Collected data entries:
──────
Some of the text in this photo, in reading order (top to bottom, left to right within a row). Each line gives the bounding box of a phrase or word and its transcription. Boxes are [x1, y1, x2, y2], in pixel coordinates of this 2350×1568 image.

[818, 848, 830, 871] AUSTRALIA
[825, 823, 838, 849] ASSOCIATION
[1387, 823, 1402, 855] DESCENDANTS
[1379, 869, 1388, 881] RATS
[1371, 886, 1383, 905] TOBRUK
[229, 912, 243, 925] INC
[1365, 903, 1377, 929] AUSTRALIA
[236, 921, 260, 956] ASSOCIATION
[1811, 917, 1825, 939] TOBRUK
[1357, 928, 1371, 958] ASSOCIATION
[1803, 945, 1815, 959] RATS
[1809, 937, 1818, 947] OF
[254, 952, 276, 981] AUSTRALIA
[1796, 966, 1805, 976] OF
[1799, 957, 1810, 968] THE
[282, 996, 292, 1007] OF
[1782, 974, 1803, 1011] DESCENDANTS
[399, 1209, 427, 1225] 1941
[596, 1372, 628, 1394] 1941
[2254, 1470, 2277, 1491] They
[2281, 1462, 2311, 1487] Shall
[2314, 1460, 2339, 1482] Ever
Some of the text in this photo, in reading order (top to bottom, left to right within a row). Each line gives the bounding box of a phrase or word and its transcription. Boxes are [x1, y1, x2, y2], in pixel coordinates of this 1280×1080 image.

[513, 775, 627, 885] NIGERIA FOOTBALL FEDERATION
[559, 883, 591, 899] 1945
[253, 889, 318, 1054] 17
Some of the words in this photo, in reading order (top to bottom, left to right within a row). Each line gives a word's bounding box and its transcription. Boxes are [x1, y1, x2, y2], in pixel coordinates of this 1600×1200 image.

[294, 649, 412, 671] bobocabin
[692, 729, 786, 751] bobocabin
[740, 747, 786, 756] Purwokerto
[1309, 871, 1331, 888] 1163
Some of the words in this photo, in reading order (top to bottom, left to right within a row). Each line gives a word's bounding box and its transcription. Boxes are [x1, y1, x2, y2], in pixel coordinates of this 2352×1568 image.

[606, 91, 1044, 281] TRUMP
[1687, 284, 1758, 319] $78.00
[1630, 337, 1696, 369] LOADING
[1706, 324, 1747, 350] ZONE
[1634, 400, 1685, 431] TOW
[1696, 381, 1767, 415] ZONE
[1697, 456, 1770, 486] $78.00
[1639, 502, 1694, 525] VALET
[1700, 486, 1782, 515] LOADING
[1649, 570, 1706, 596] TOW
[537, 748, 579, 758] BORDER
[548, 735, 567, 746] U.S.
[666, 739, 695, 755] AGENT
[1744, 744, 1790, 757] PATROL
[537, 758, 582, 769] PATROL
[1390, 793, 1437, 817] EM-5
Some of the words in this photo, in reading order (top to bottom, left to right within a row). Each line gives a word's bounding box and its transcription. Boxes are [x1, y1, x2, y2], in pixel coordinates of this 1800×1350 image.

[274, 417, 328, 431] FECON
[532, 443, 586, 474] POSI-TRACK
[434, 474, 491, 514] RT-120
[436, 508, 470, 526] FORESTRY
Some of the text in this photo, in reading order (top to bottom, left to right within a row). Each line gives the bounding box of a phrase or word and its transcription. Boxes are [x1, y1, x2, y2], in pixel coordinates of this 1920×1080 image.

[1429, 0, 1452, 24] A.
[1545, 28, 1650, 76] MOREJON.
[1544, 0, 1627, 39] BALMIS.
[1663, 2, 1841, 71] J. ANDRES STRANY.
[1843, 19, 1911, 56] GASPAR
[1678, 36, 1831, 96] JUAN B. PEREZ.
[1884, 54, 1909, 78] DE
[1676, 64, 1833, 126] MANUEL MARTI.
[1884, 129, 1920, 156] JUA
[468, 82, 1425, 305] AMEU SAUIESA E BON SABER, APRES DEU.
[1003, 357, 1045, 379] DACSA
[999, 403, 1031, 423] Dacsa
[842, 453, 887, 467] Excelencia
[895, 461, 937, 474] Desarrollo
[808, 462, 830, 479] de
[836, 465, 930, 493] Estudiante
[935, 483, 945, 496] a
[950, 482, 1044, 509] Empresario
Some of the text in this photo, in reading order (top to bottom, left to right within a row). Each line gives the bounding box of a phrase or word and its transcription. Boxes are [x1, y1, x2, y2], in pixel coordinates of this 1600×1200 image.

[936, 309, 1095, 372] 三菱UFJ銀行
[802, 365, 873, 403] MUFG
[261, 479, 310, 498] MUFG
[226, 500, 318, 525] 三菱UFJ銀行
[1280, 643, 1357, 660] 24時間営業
──────
### Your instructions
Your answer must consist only of the lines from the one with "this 1800×1350 image." through the final line of the entries, each retyped exactly.

### Answer for the task
Some of the words in this photo, in reading order (top to bottom, left to right within a row). Each line gives a word's bounding box and its transcription. Boxes are [x1, y1, x2, y2], in pixel coordinates of this 1800×1350 image.

[274, 417, 328, 431] FECON
[532, 443, 586, 474] POSI-TRACK
[434, 474, 491, 514] RT-120
[436, 508, 470, 526] FORESTRY
Some of the text in this photo, in reading order (top to bottom, left to right within a row). Each line gives the bounding box of a phrase or word and its transcription. Boxes are [x1, y1, x2, y2], in pixel coordinates of this 1920×1080 image.

[1429, 0, 1452, 24] A.
[1545, 28, 1650, 76] MOREJON.
[1544, 0, 1627, 39] BALMIS.
[1663, 2, 1841, 71] J. ANDRES STRANY.
[1843, 19, 1911, 56] GASPAR
[1678, 36, 1831, 96] JUAN B. PEREZ.
[1884, 54, 1909, 78] DE
[1676, 64, 1833, 126] MANUEL MARTI.
[1884, 129, 1920, 156] JUA
[468, 82, 1425, 305] AMEU SAUIESA E BON SABER, APRES DEU.
[1003, 357, 1045, 379] DACSA
[999, 403, 1031, 423] Dacsa
[842, 453, 887, 467] Excelencia
[895, 461, 937, 474] Desarrollo
[808, 462, 830, 479] de
[836, 465, 930, 493] Estudiante
[935, 483, 945, 496] a
[950, 482, 1044, 509] Empresario
Some of the text in this photo, in reading order (top to bottom, left to right within a row). Each line gives the bounding box of a phrase or word and its transcription. Boxes are [x1, y1, x2, y2], in pixel coordinates of this 1600×1200 image.

[936, 309, 1095, 372] 三菱UFJ銀行
[802, 365, 873, 403] MUFG
[261, 479, 310, 498] MUFG
[226, 500, 318, 525] 三菱UFJ銀行
[1280, 643, 1357, 660] 24時間営業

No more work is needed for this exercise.